*Task directions*. Once the pictures are removed, reproduce what is left of the data below exactly.

*Exercise materials*.
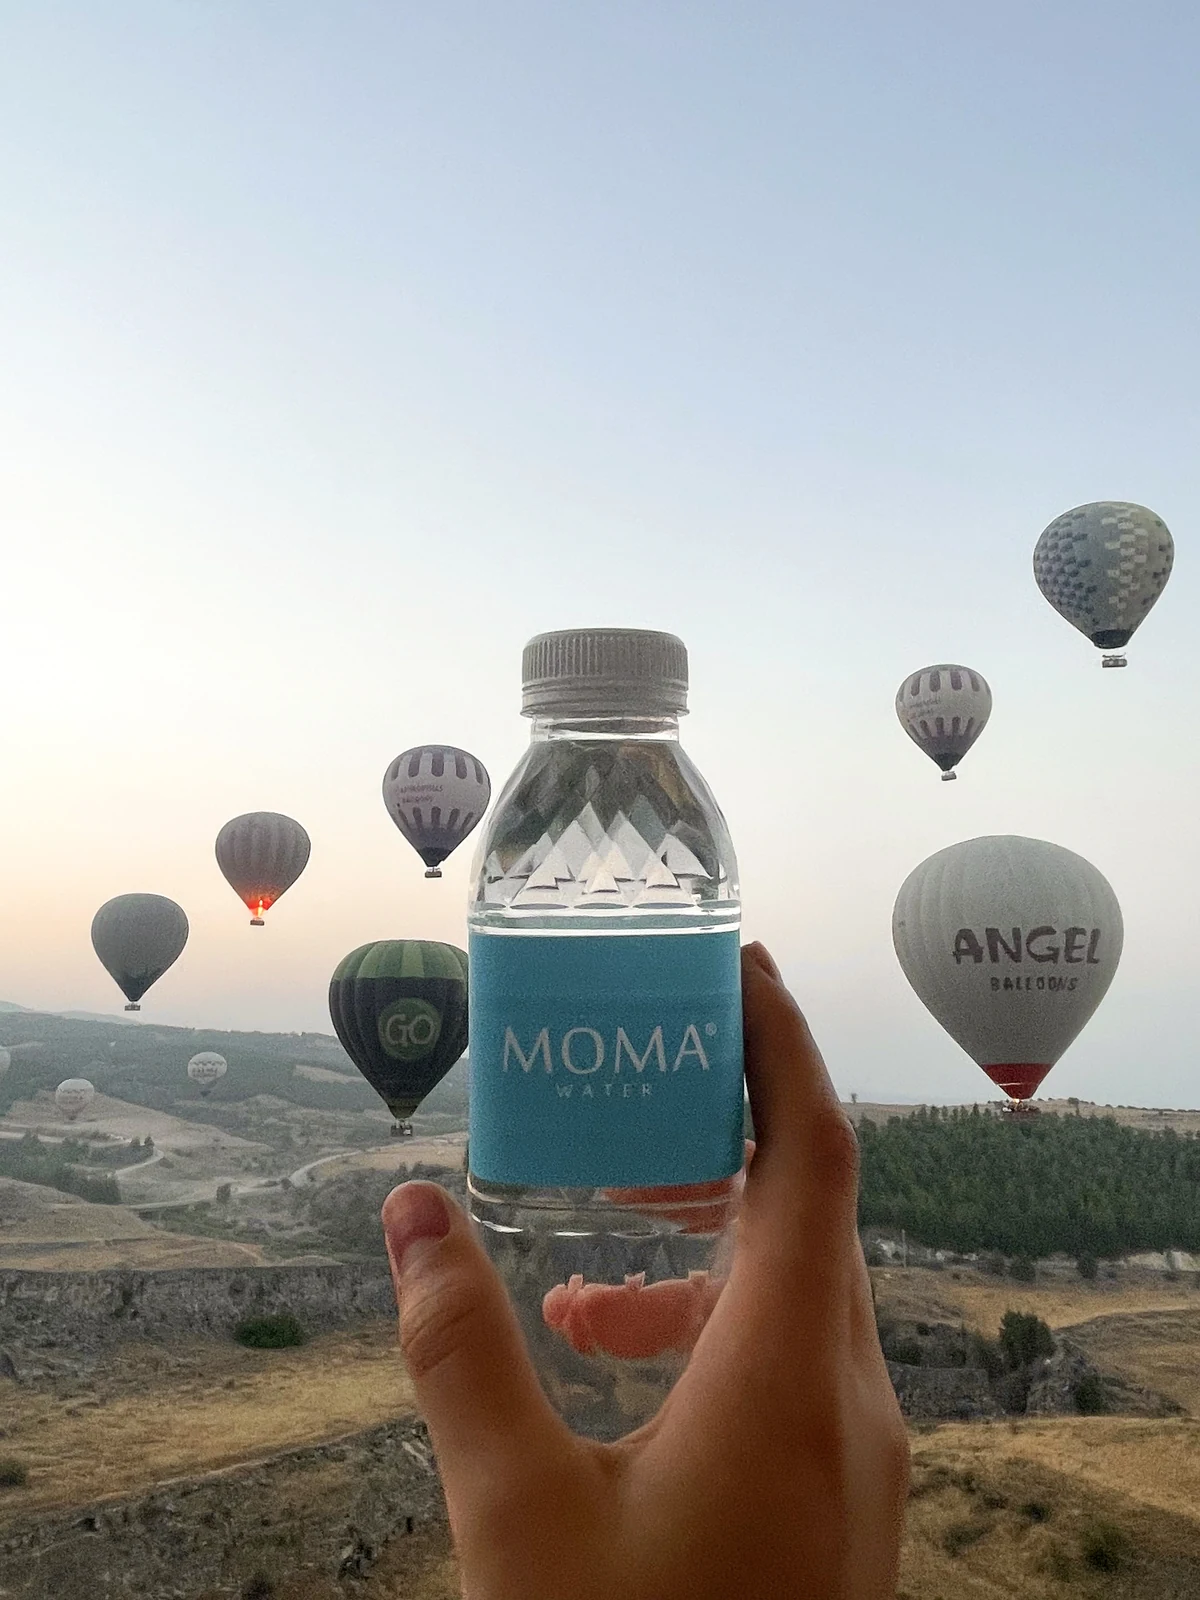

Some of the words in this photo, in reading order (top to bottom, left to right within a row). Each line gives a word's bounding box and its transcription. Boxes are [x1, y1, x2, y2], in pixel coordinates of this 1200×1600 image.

[952, 925, 1101, 965] ANGEL
[990, 976, 1078, 992] BALLOONS
[386, 1013, 435, 1048] GO
[555, 1082, 652, 1098] WATER

*Task result*.
Some of the words in this photo, in reading order (top to bottom, left to right within a row). Each line gives a word's bounding box and its transcription. Boxes are [x1, y1, x2, y2], in pixel coordinates of this 1200×1600 image.

[952, 925, 1101, 965] ANGEL
[990, 976, 1078, 992] BALLOONS
[386, 1013, 435, 1048] GO
[555, 1082, 652, 1098] WATER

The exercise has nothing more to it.